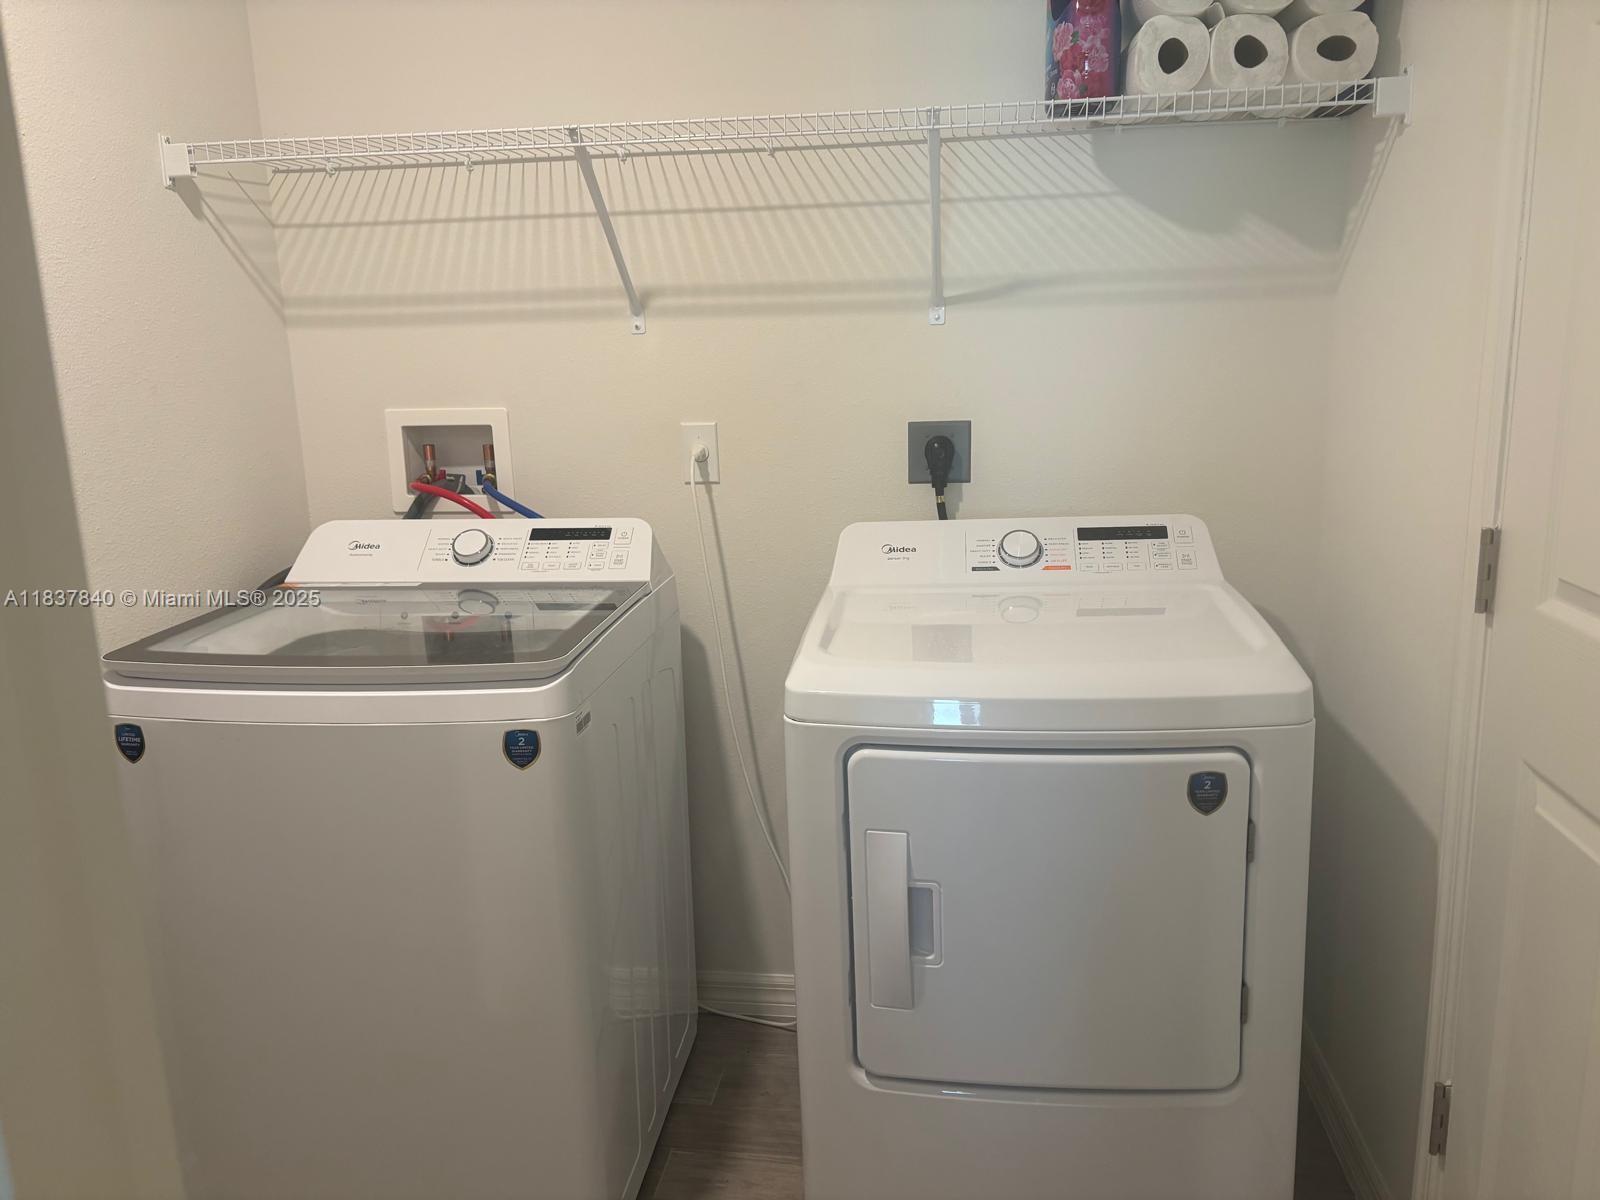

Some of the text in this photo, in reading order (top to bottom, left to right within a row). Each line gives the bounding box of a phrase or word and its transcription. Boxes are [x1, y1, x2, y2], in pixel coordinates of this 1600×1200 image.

[348, 541, 381, 551] Midea
[881, 543, 917, 554] Midea
[518, 737, 525, 746] 2
[1203, 780, 1212, 789] 2
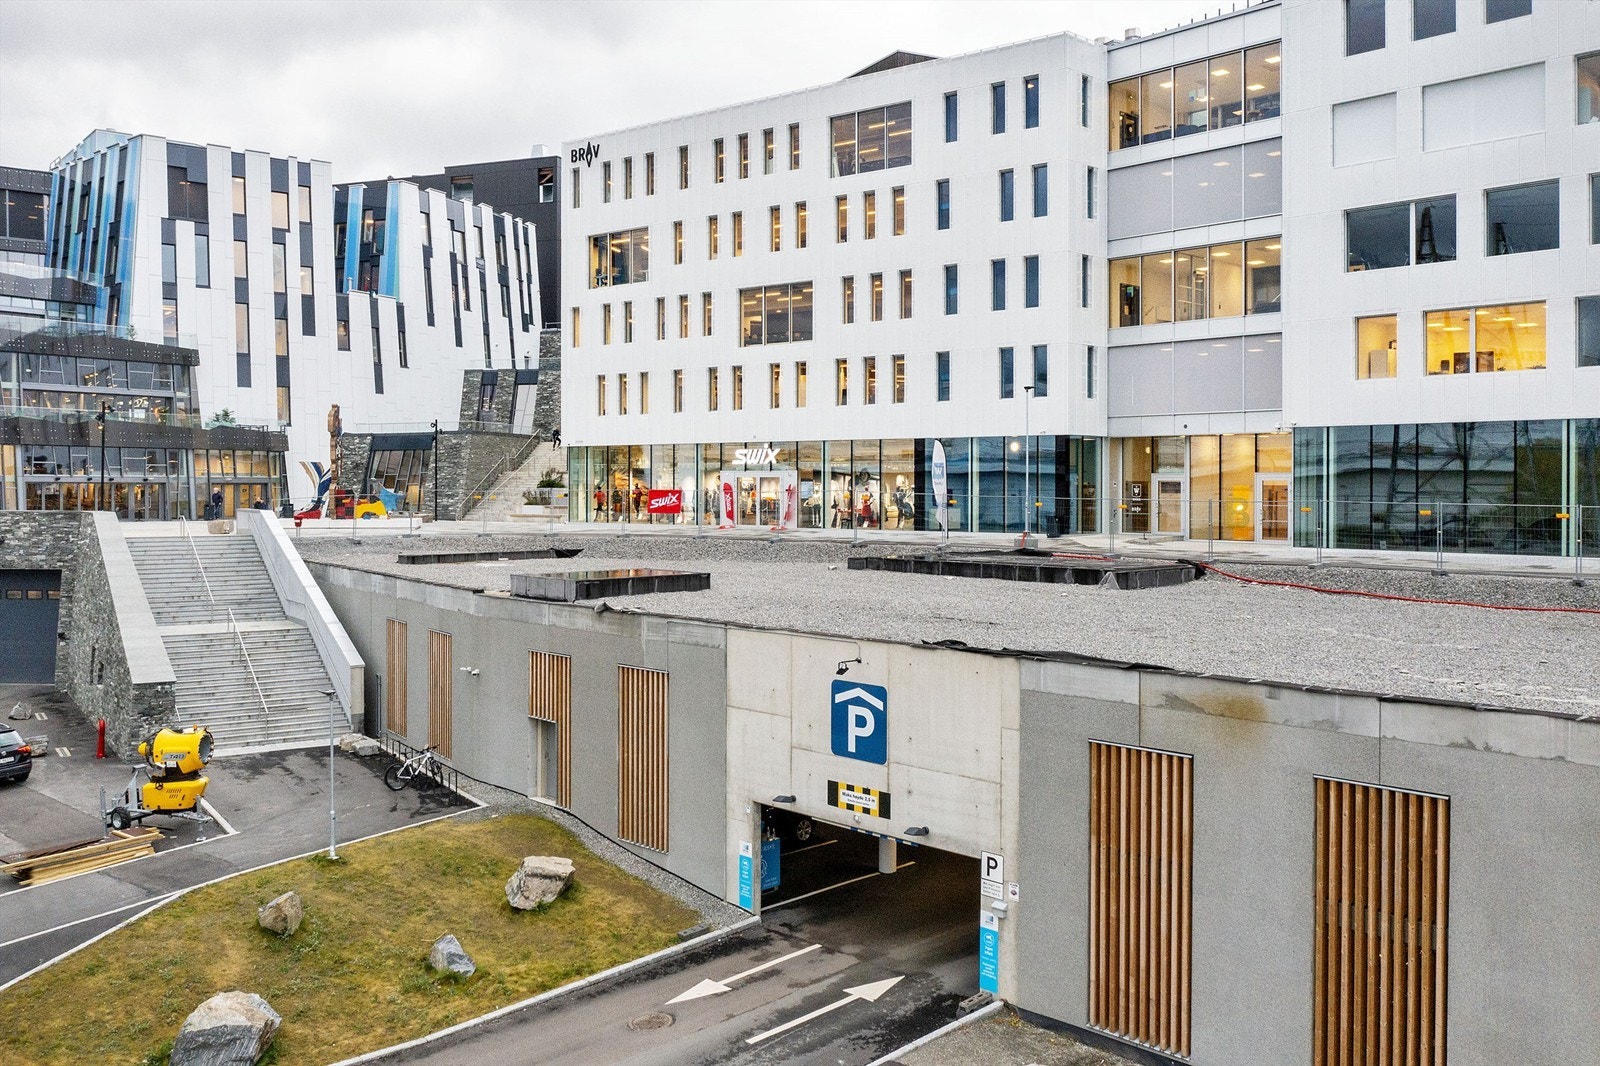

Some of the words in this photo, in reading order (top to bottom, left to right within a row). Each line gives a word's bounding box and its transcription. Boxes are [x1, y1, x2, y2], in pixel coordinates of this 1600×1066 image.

[570, 141, 600, 168] BRAV
[847, 704, 875, 753] P
[986, 856, 998, 877] P
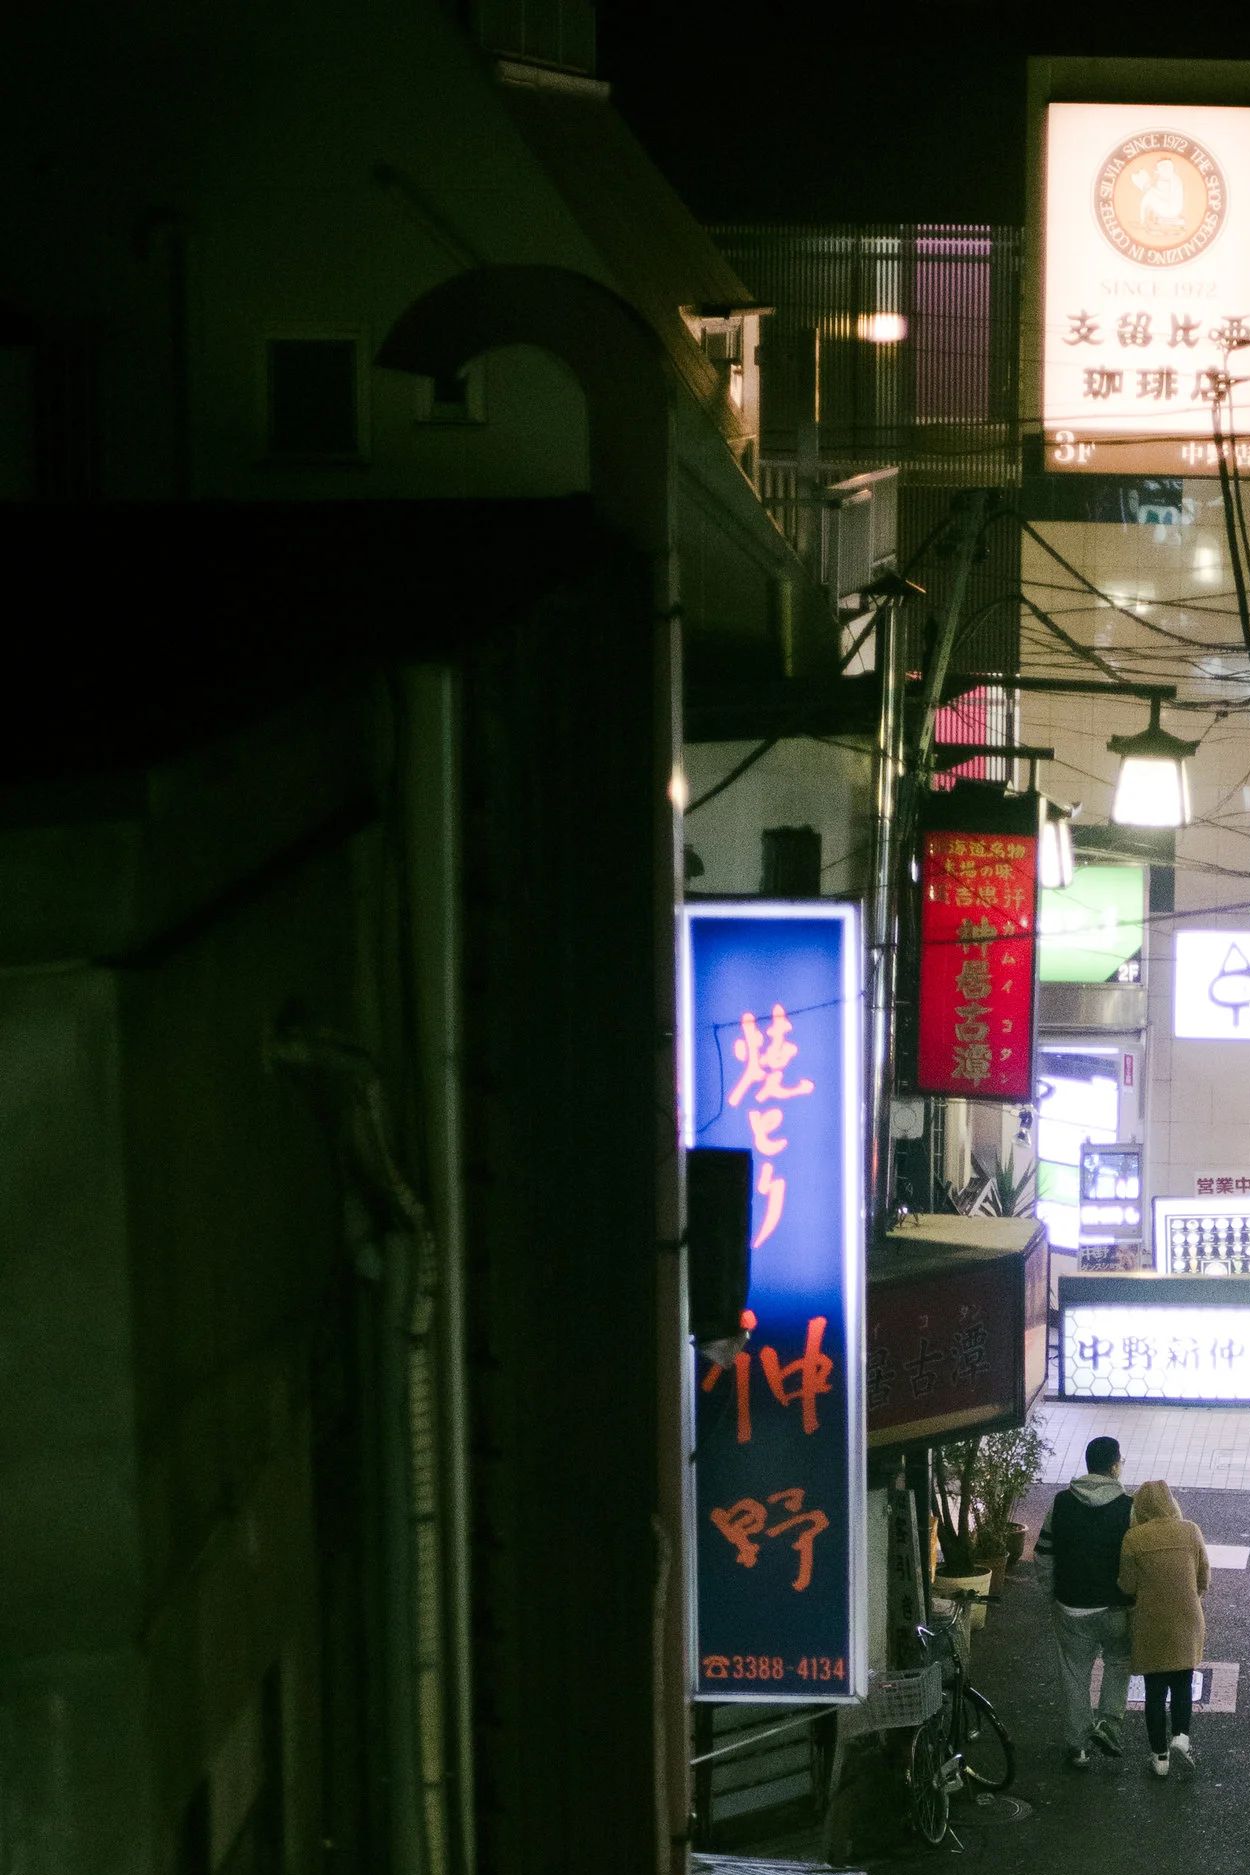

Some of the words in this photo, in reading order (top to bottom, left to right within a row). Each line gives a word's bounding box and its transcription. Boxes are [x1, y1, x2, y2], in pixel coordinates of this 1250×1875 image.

[1122, 134, 1161, 159] SINCE
[1163, 134, 1189, 153] 1972
[1190, 146, 1214, 176] THE
[1100, 158, 1125, 199] SILVIA
[1205, 175, 1222, 211] SHOP
[1100, 200, 1130, 249] COFFEE
[1147, 211, 1219, 265] SPECIALIZING
[1127, 243, 1146, 262] IN
[1101, 281, 1162, 298] SINCE
[1175, 281, 1218, 298] 1972
[1083, 364, 1230, 401] 珈琲店
[1054, 431, 1096, 464] 3F
[1117, 963, 1140, 982] 2F
[732, 1656, 845, 1682] 3388-4134

Work instruction
Repeat the material above exactly; any picture in it is left out.

Solved problem
Some of the text in this photo, in reading order (top to bottom, left to right within a row). Each line gives the bounding box of a phrase or word and its transcription. Boxes are [x1, y1, x2, y2], in pixel coordinates of this 1600×1200 image.

[348, 541, 381, 551] Midea
[881, 543, 917, 554] Midea
[518, 737, 525, 746] 2
[1203, 780, 1212, 789] 2

Some of the words in this photo, in reading order (top to bottom, left to right within a row). Each line gives a word's bounding box and its transcription. Boxes are [x1, y1, x2, y2], in pixel coordinates of this 1600×1066 image.

[570, 141, 600, 168] BRAV
[847, 704, 875, 753] P
[986, 856, 998, 877] P

Some of the words in this photo, in reading order (top to bottom, left to right within a row). Each line gives a word's bounding box and its transcription. Boxes are [x1, y1, x2, y2], in pixel coordinates of this 1250×1875 image.

[1122, 134, 1161, 159] SINCE
[1163, 134, 1189, 153] 1972
[1190, 146, 1214, 176] THE
[1100, 158, 1125, 199] SILVIA
[1205, 175, 1222, 211] SHOP
[1100, 200, 1130, 249] COFFEE
[1147, 211, 1219, 265] SPECIALIZING
[1127, 243, 1146, 262] IN
[1101, 281, 1162, 298] SINCE
[1175, 281, 1218, 298] 1972
[1083, 364, 1230, 401] 珈琲店
[1054, 431, 1096, 464] 3F
[1117, 963, 1140, 982] 2F
[732, 1656, 845, 1682] 3388-4134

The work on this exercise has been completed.